**What you should do**:
Write out every entry precisely as given, leaving the pictures out.

(Image-backed grounding data)
■ ■ ■ ■
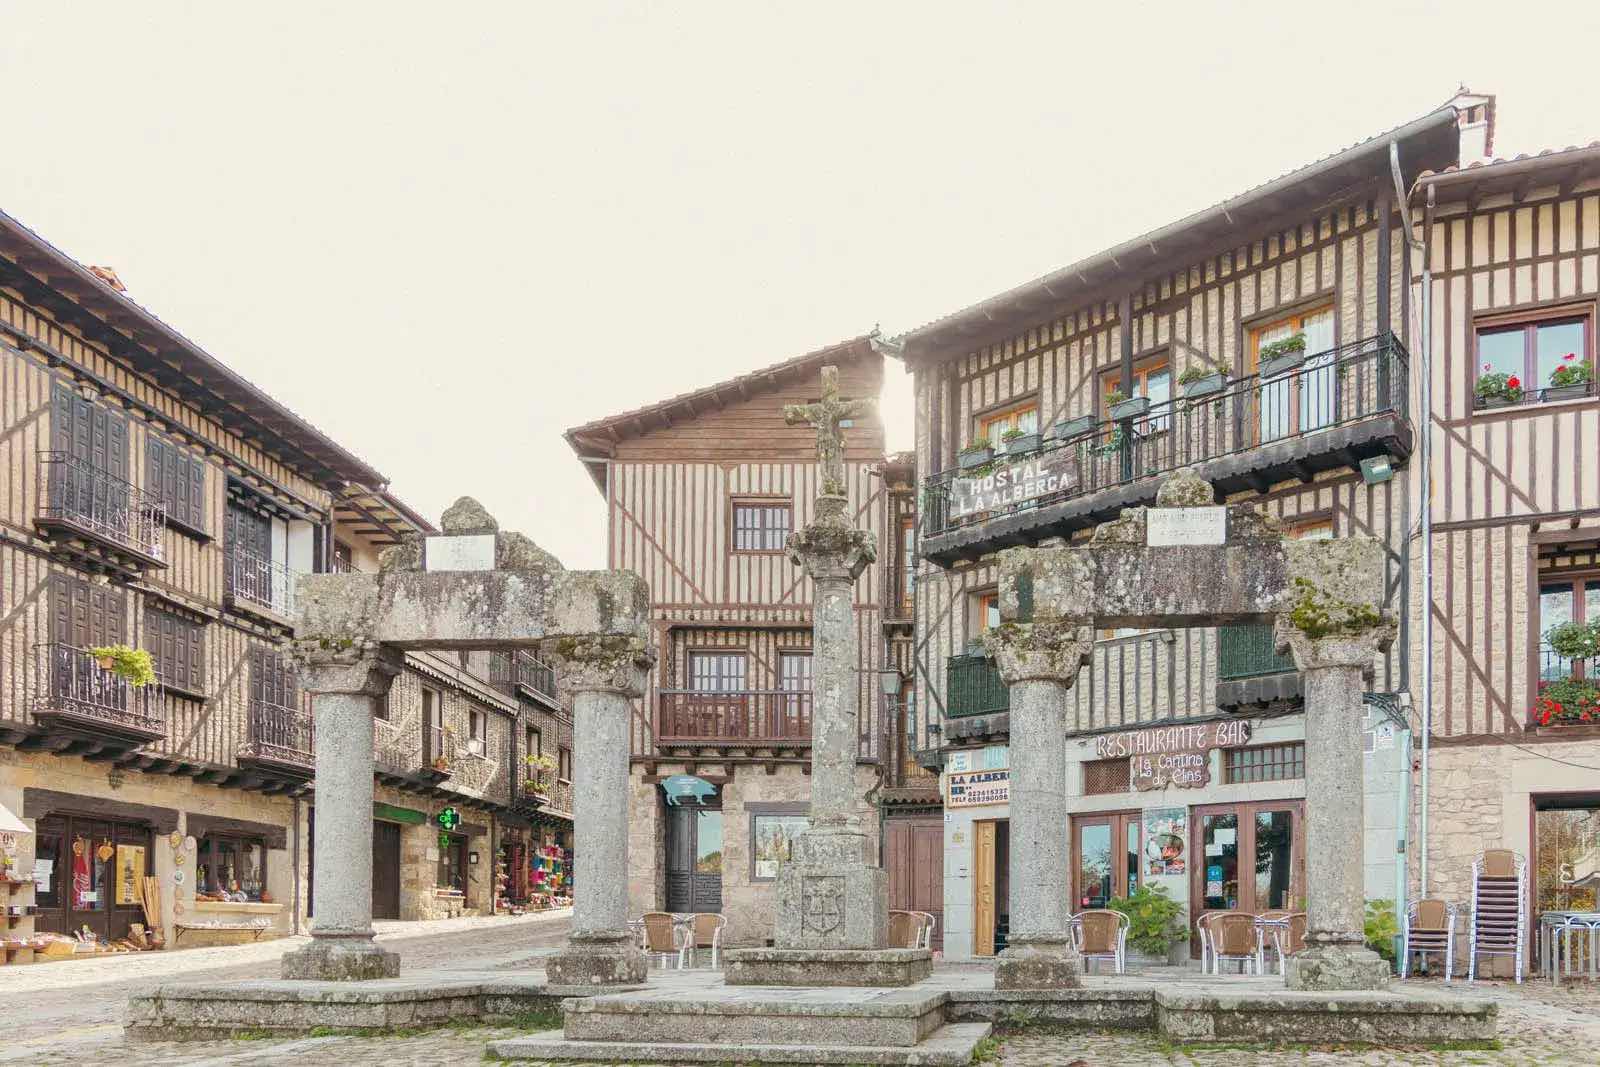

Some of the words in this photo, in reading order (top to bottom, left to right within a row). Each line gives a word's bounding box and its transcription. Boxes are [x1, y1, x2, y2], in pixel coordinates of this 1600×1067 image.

[971, 462, 1048, 495] HOSTAL
[960, 499, 985, 513] LA
[991, 472, 1069, 507] ALBERCA
[1096, 726, 1208, 757] RESTAURANTE
[1215, 720, 1249, 746] BAR
[1159, 754, 1204, 768] Cantina
[970, 772, 1009, 783] ALBER
[1152, 770, 1167, 785] de
■ ■ ■ ■
**Output of the exercise**:
Some of the words in this photo, in reading order (top to bottom, left to right within a row). Each line gives a word's bounding box and its transcription. Boxes are [x1, y1, x2, y2], in pixel coordinates of this 1600×1067 image.

[971, 462, 1048, 495] HOSTAL
[960, 499, 985, 513] LA
[991, 472, 1069, 507] ALBERCA
[1096, 726, 1208, 757] RESTAURANTE
[1215, 720, 1249, 746] BAR
[1159, 754, 1204, 768] Cantina
[970, 772, 1009, 783] ALBER
[1152, 770, 1167, 785] de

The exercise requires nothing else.